In the journal entry dated November 11, 2011 I asked the following questions. Will the Metamodern influence domestic architecture, if not, why not? If so, what will the evidence of that influence look like? How will we identify that influence should it take place?*1
In order to answer the questions, I began by sifting through the Architectural Record Website, specifically the “House of the Month” section, and found a vacation house completed on a 56 acre site in Connecticut in July of 2010 by Daniel Libeskind.*2 The odd name for the house describes the 18 folded walls, 36 knife edged points, and 54 lines that include the folds and edges. The house looks as though a traditional domestic structure of wood and plaster had been converted into an extremely expensive metallic and mirrored fantasy, then folded through a time warp, something from a surreal dream. Thus, one of the criteria (a new romanticism) for a Metamodern presence has been met. *3 However, this expensive structure is not domestic architecture for the masses. Additionally Libeskind’s work has these unusual angles with walls, ceilings and floors that tilt creating a slightly disorienting kinesthetic feeling.
I know the criticism that is out there, and I find it irritating because Libeskind begins his work from a location outside our everyday experience. In short, Libeskind is the Jonathan Swift of Metamodern architecture because he puts into question, the very foundation of our daily lives. This architecture is designed to unsettle, not necessarily the best place to begin if one is designing a vacation house. However, looking at the interior photographs of this home - for it is exactly that – I see that the warm wood toned walls, furniture, book cases and books contribute to a space that is at once inviting and friendly. That Libeskind is able to achieve unity between the dichotomy - unsettling surreal architecture versus relaxing and warm vacation residence - is something of a minor miracle and reflects the needs and desires of his Art World client collaborators in this domestic architecture adventure. I might add that Libeskind designed the interior furnishings specifically to fit his goals and those of the couple who hired him, a project remeniscent of Frank Lloyd Wright.
Of course, this first example of Metamodern domestic architecture is not evidence of a major invasion of the housing market. These were clients with enough of the green stuff to pay for an extremely expensive architect to play with enormously expensive materials. However, it does make a mark. Perhaps others will follow. Perhaps they already have.
We shall see.
* Eberle, Todd, photographer in "18>36.54 Houser," Architectural Record, the Website, http://archrecord.construction.com/residential/recordHouses/. April 2011, viewed 9:10 A.M., EST, Wednesday, November 16, 2011. It is known that one time use of artwork to illustrate an article for intellectual purposes is within U.S. copyright law as long as it the origin is properly notated.

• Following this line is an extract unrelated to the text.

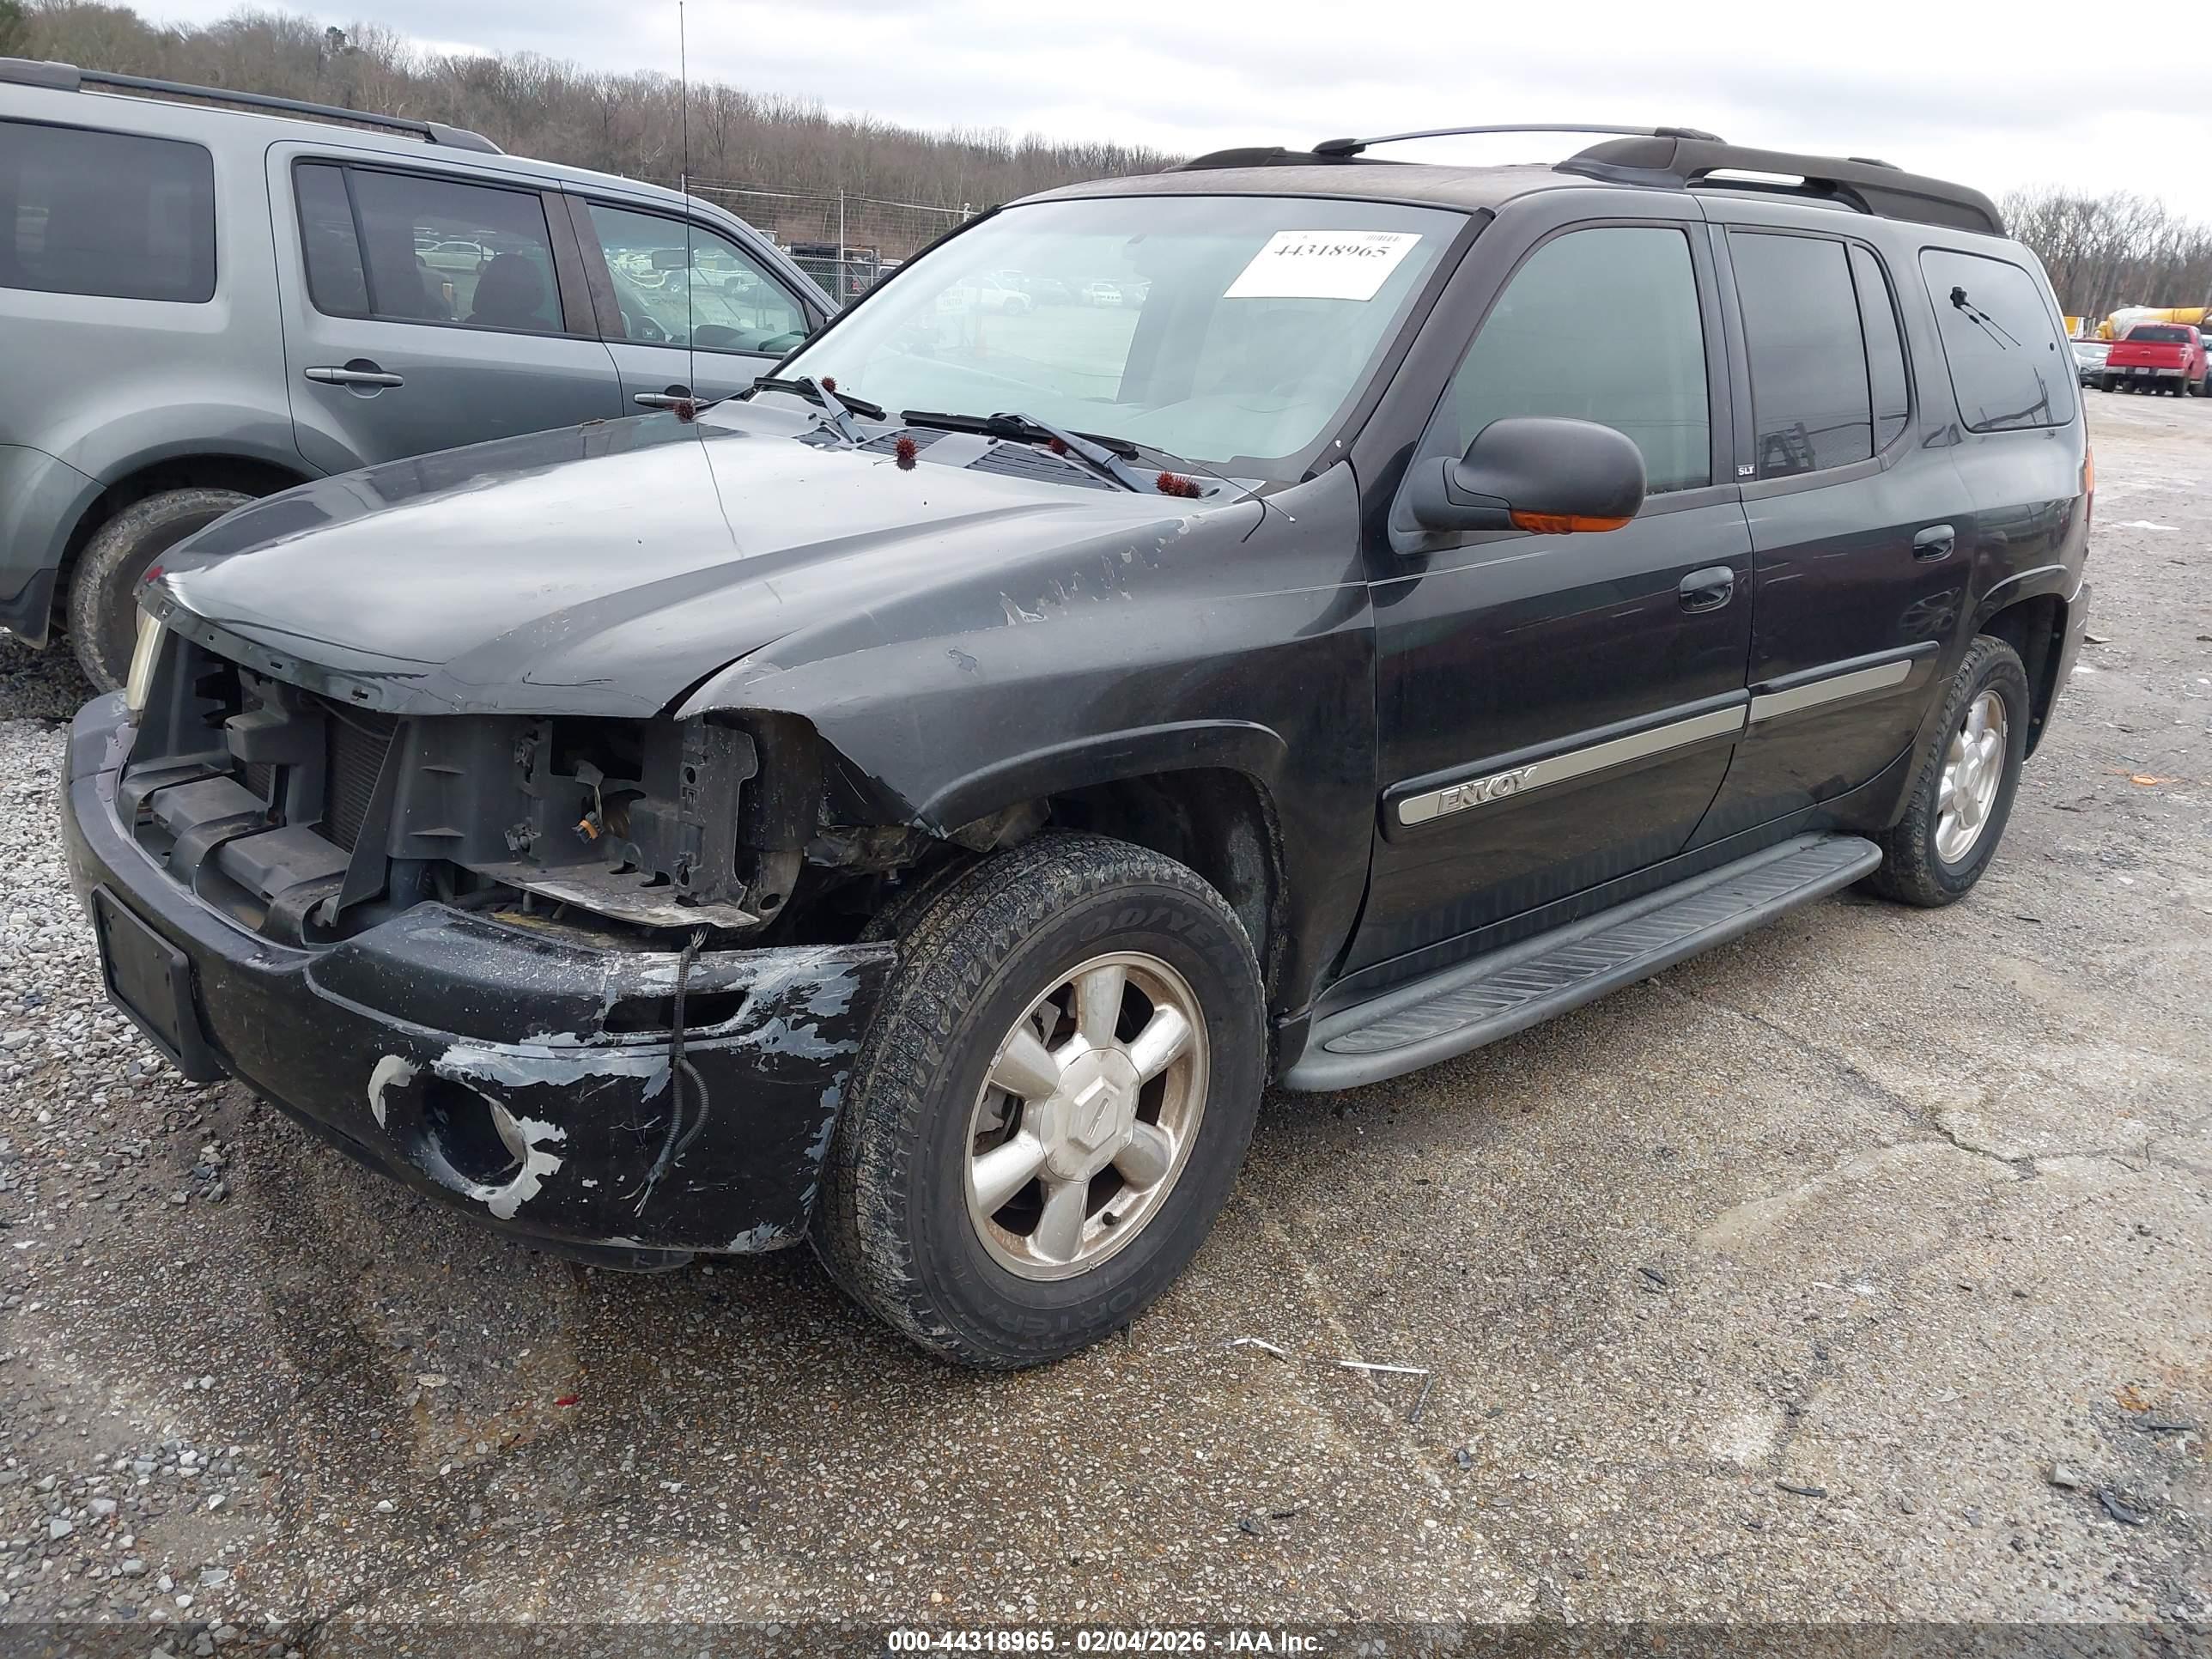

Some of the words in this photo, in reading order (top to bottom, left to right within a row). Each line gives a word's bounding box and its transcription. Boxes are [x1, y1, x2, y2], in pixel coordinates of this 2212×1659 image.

[1274, 245, 1391, 258] 44318965
[1738, 466, 1754, 476] SLT
[1438, 766, 1538, 814] ENVOY

*1 The author bases reference to the Metamodern on Vermeulen, Timotheus, and van den Akker, Robin, “Notes on Metamodernism,” in Journal of Aesthetics & Culture, Vol. 2, 2010 DOI: 10.3402/jac.v1i0.5677. On line at http://www.aestheticsandculture.net/index.php/jac/article/view/5677/6306, visited 10:35 AM, EDT, Thursday, June 23, 2011.
*2 Stephens, Suzanne, "18.36.54 House," in Architectural Record, the Website, http://archrecord.construction.com/residential/recordHouses/. April 2011, viewed 9:10 A.M., EST, Wednesday, November 16, 2011.
*3 See the November 11, 2011 entry to this journal, “The Metamodern in Twenty-first Century Architecture” for the summarized characteristics of Metamodern Architecture.